Word for word, copy out the entries below, but not the pictures in them.

(Given information begins)

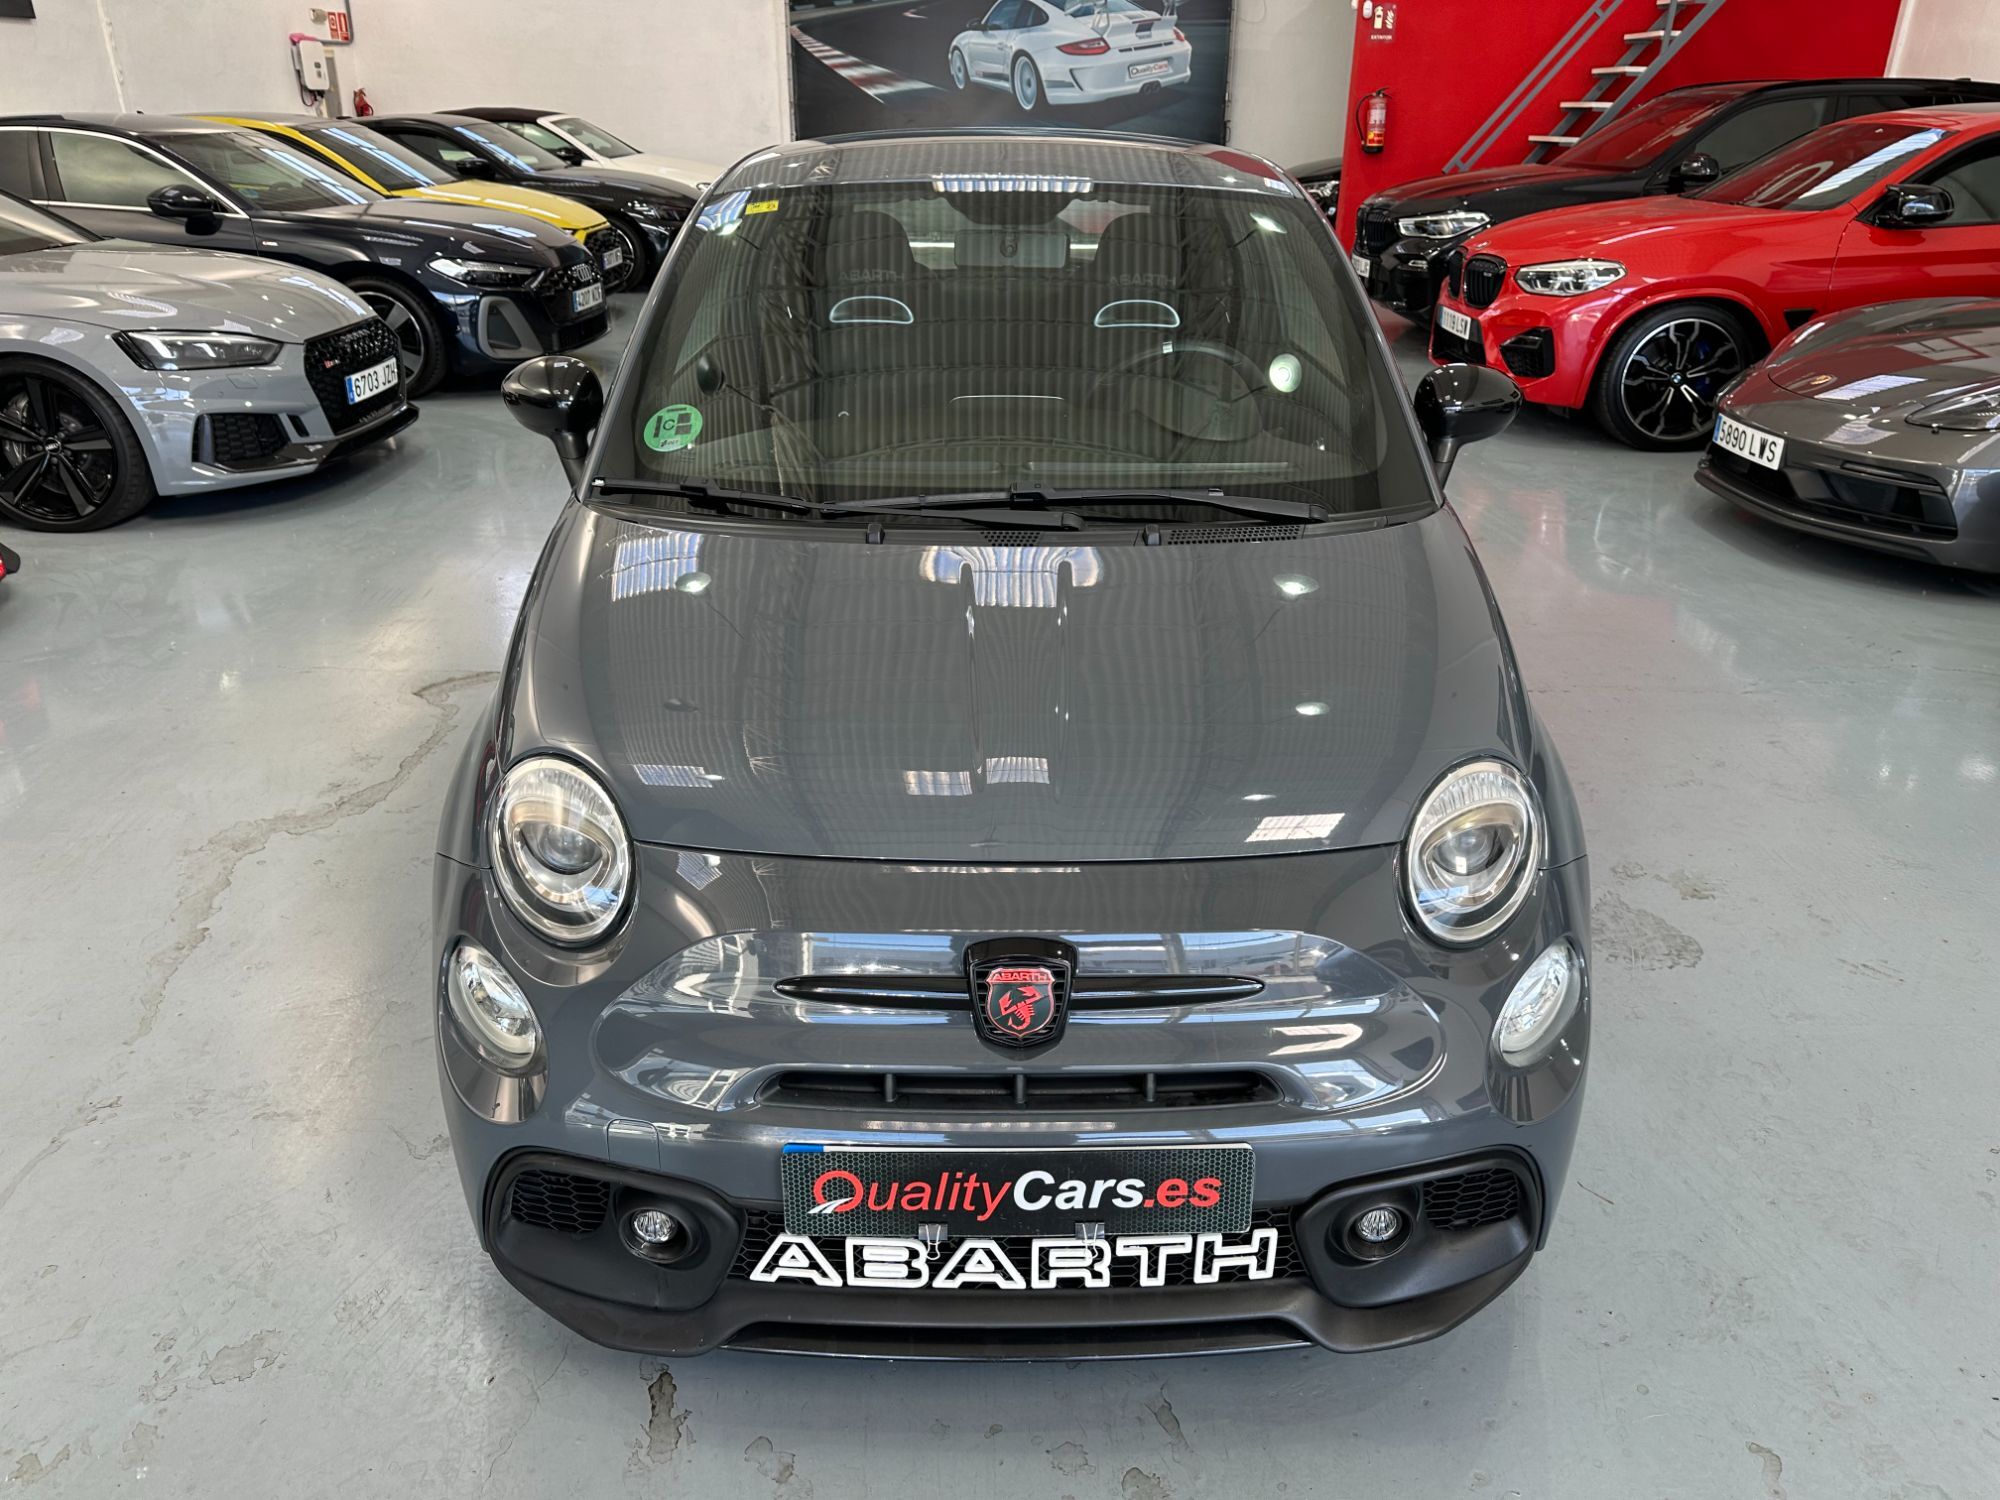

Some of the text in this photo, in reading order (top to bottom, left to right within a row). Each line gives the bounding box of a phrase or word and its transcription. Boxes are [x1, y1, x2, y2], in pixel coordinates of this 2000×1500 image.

[839, 268, 905, 282] ABARTH
[353, 361, 398, 398] 6703 JZH
[1719, 420, 1777, 463] 5890 LWS
[993, 972, 1047, 981] ABARTH
[808, 1168, 1221, 1221] QualityCars.es
[749, 1228, 1278, 1289] ABARTH

(Given information ends)

Exercise solution:
Some of the text in this photo, in reading order (top to bottom, left to right within a row). Each line gives the bounding box of a phrase or word and its transcription. Boxes are [x1, y1, x2, y2], in pixel coordinates of this 2000×1500 image.

[839, 268, 905, 282] ABARTH
[353, 361, 398, 398] 6703 JZH
[1719, 420, 1777, 463] 5890 LWS
[993, 972, 1047, 981] ABARTH
[808, 1168, 1221, 1221] QualityCars.es
[749, 1228, 1278, 1289] ABARTH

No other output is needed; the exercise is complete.